■ **Data entries**

##############################

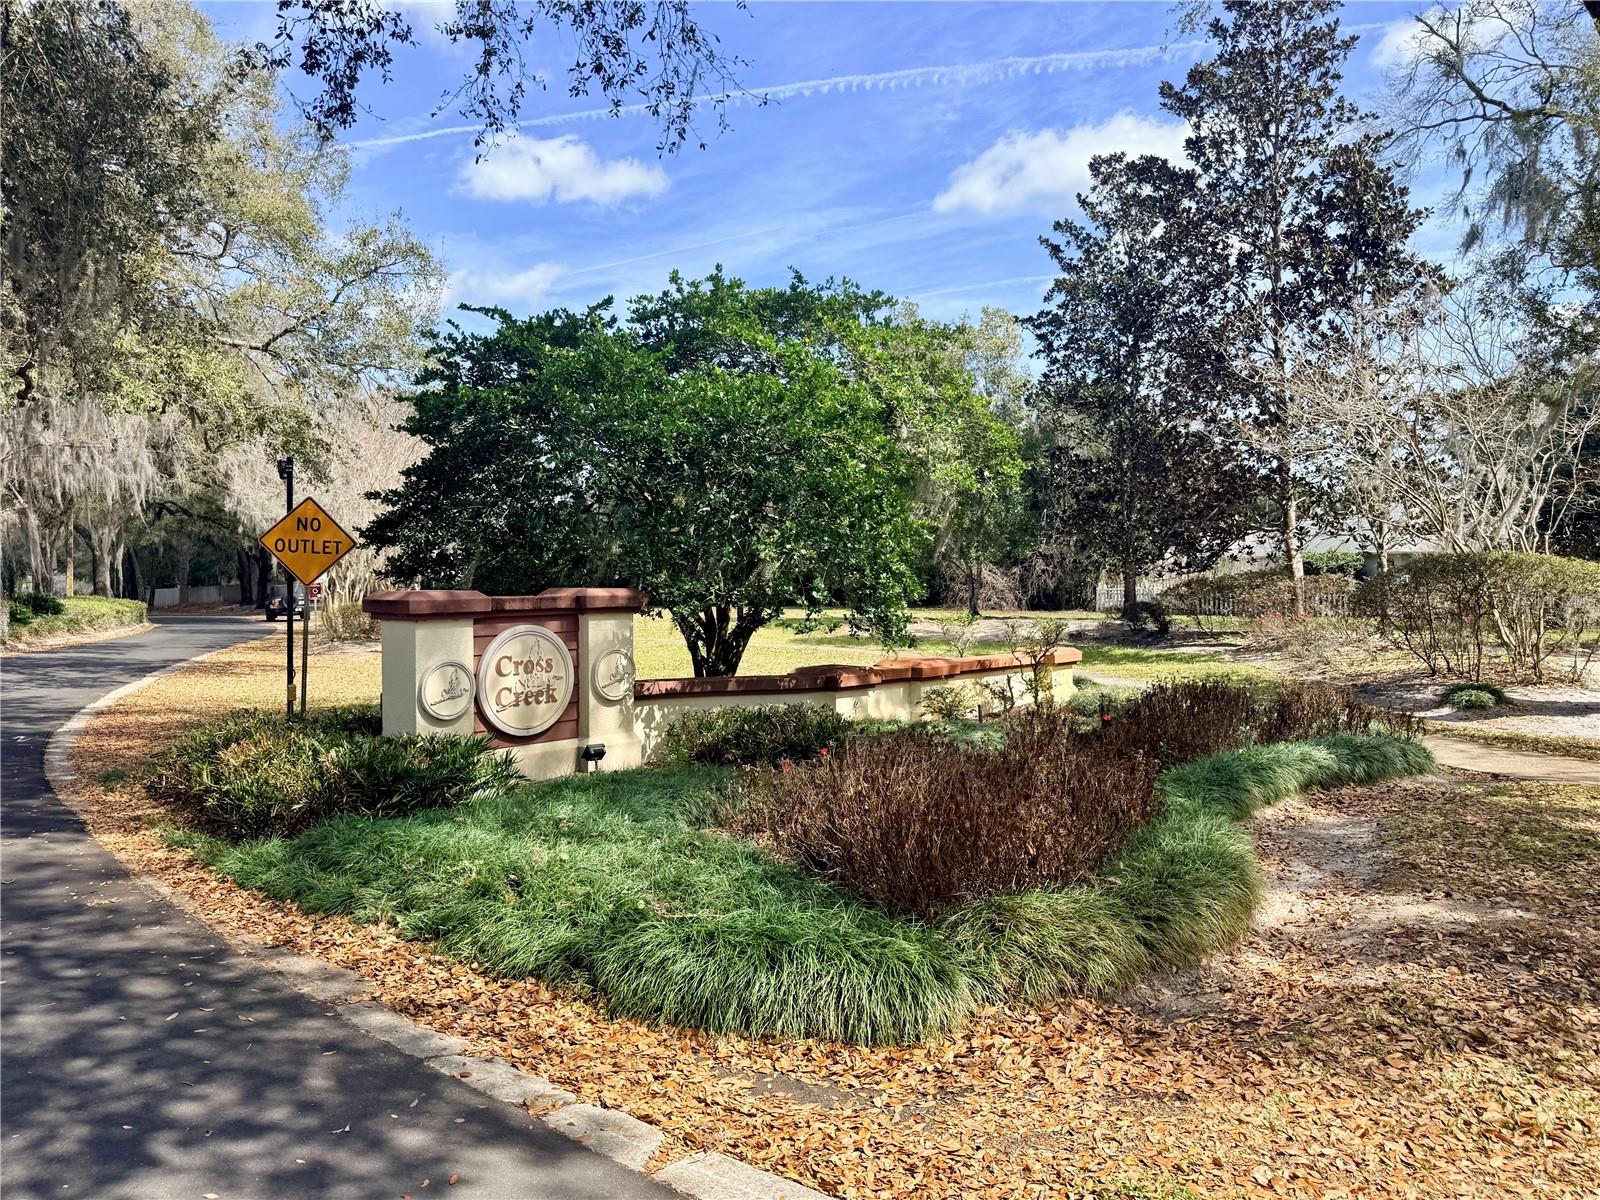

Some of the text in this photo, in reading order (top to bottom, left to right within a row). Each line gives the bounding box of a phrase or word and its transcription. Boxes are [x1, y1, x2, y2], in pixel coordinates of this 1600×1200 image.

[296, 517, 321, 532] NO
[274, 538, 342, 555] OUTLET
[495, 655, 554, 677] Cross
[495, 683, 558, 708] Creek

##############################

■ **Task requirements**
From the first line to the last, write out the data above exactly. Omit the pictures.

■ **Exercise response**
Some of the text in this photo, in reading order (top to bottom, left to right within a row). Each line gives the bounding box of a phrase or word and its transcription. Boxes are [x1, y1, x2, y2], in pixel coordinates of this 1600×1200 image.

[296, 517, 321, 532] NO
[274, 538, 342, 555] OUTLET
[495, 655, 554, 677] Cross
[495, 683, 558, 708] Creek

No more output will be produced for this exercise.